Render every line of the data exactly as written, and leave out the pictures.

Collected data
►
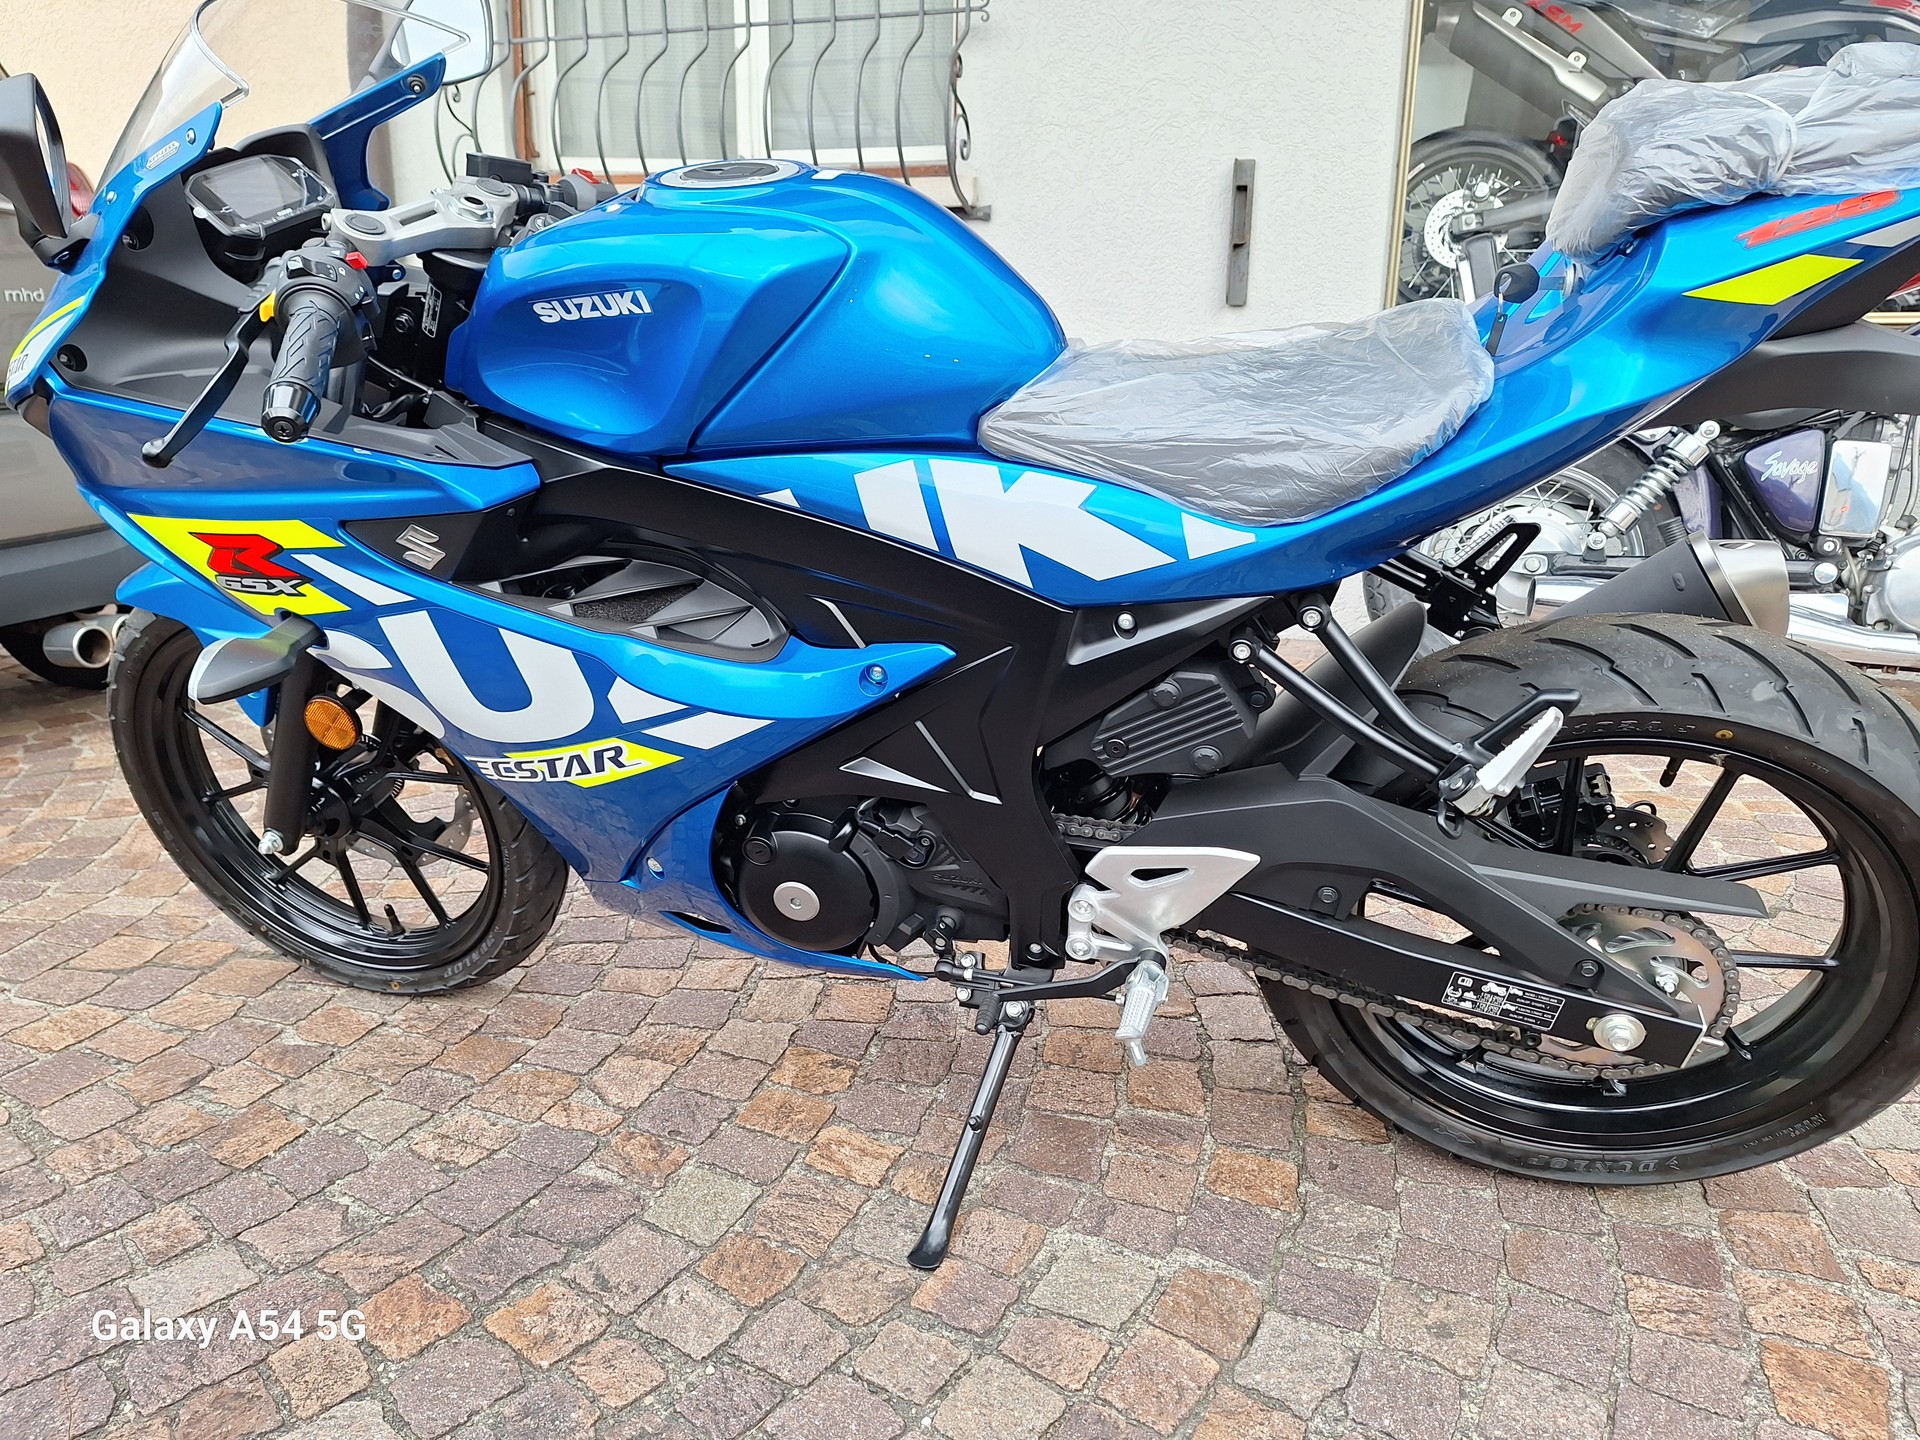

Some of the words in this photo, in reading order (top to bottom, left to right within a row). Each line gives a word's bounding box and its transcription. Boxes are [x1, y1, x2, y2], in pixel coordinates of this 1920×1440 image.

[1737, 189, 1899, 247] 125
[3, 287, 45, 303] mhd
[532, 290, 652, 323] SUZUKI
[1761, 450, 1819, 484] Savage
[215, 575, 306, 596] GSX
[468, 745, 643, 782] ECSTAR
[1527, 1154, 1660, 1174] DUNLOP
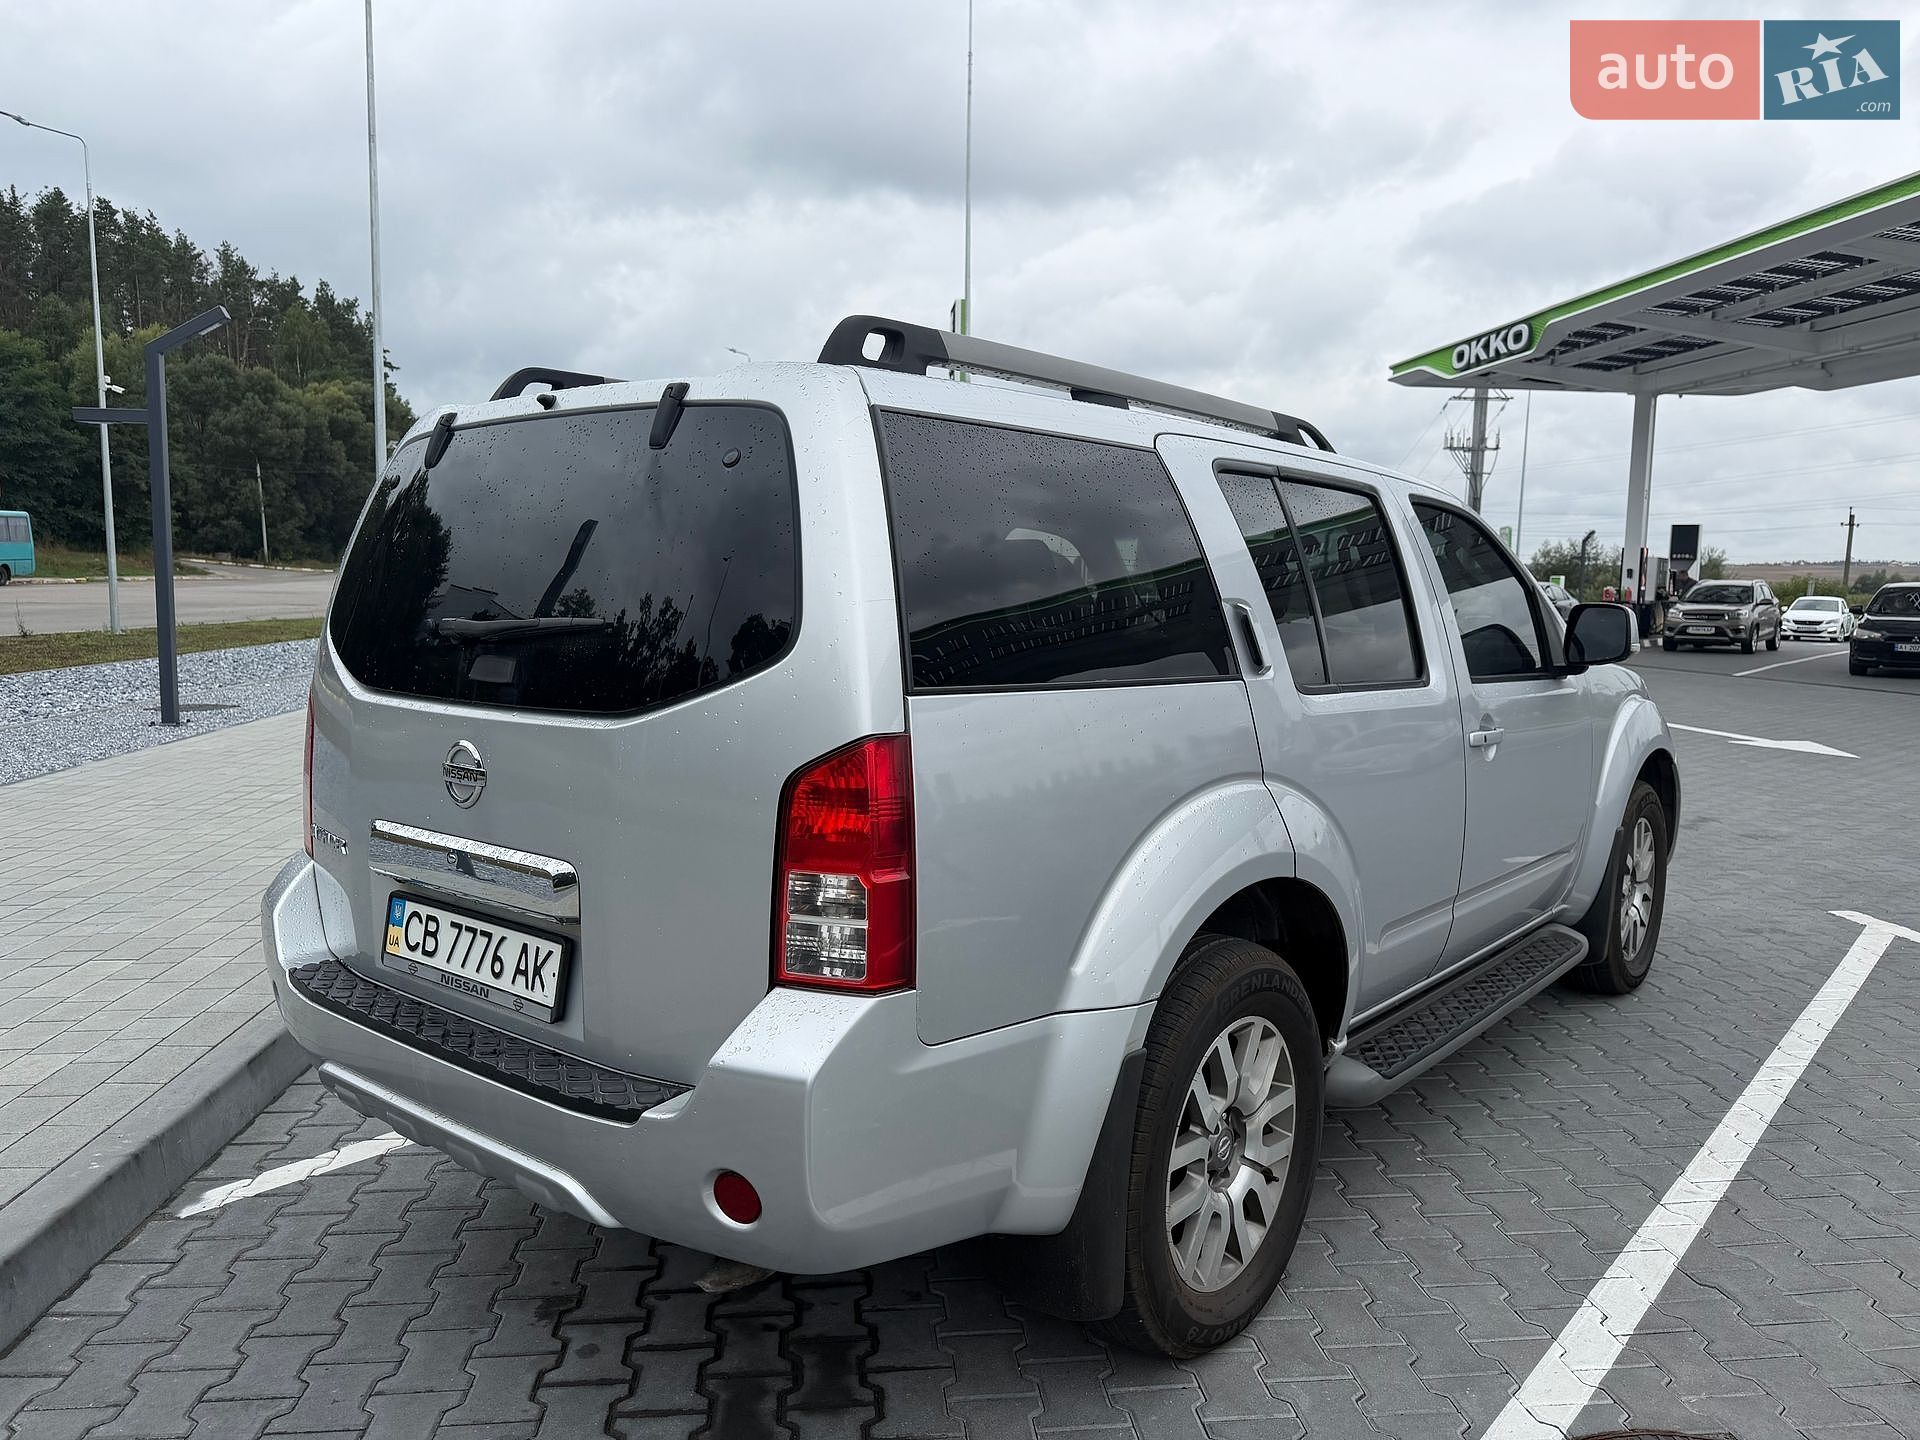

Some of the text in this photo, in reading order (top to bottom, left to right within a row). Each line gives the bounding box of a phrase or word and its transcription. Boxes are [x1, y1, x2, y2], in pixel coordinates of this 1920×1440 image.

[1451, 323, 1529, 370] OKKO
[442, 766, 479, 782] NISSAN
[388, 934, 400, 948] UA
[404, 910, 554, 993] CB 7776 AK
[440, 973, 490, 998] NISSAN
◄
# SOLUTION TO THIS EXERCISE
Some of the words in this photo, in reading order (top to bottom, left to right within a row). Each line gives a word's bounding box and its transcription. Boxes are [x1, y1, x2, y2], in pixel coordinates of this 1920×1440 image.

[1737, 189, 1899, 247] 125
[3, 287, 45, 303] mhd
[532, 290, 652, 323] SUZUKI
[1761, 450, 1819, 484] Savage
[215, 575, 306, 596] GSX
[468, 745, 643, 782] ECSTAR
[1527, 1154, 1660, 1174] DUNLOP

Some of the text in this photo, in reading order (top to bottom, left to right within a row). Each line gives the bounding box of a phrase or word and its transcription. Boxes are [x1, y1, x2, y2], in pixel coordinates of this 1920×1440 image.

[1451, 323, 1529, 370] OKKO
[442, 766, 479, 782] NISSAN
[388, 934, 400, 948] UA
[404, 910, 554, 993] CB 7776 AK
[440, 973, 490, 998] NISSAN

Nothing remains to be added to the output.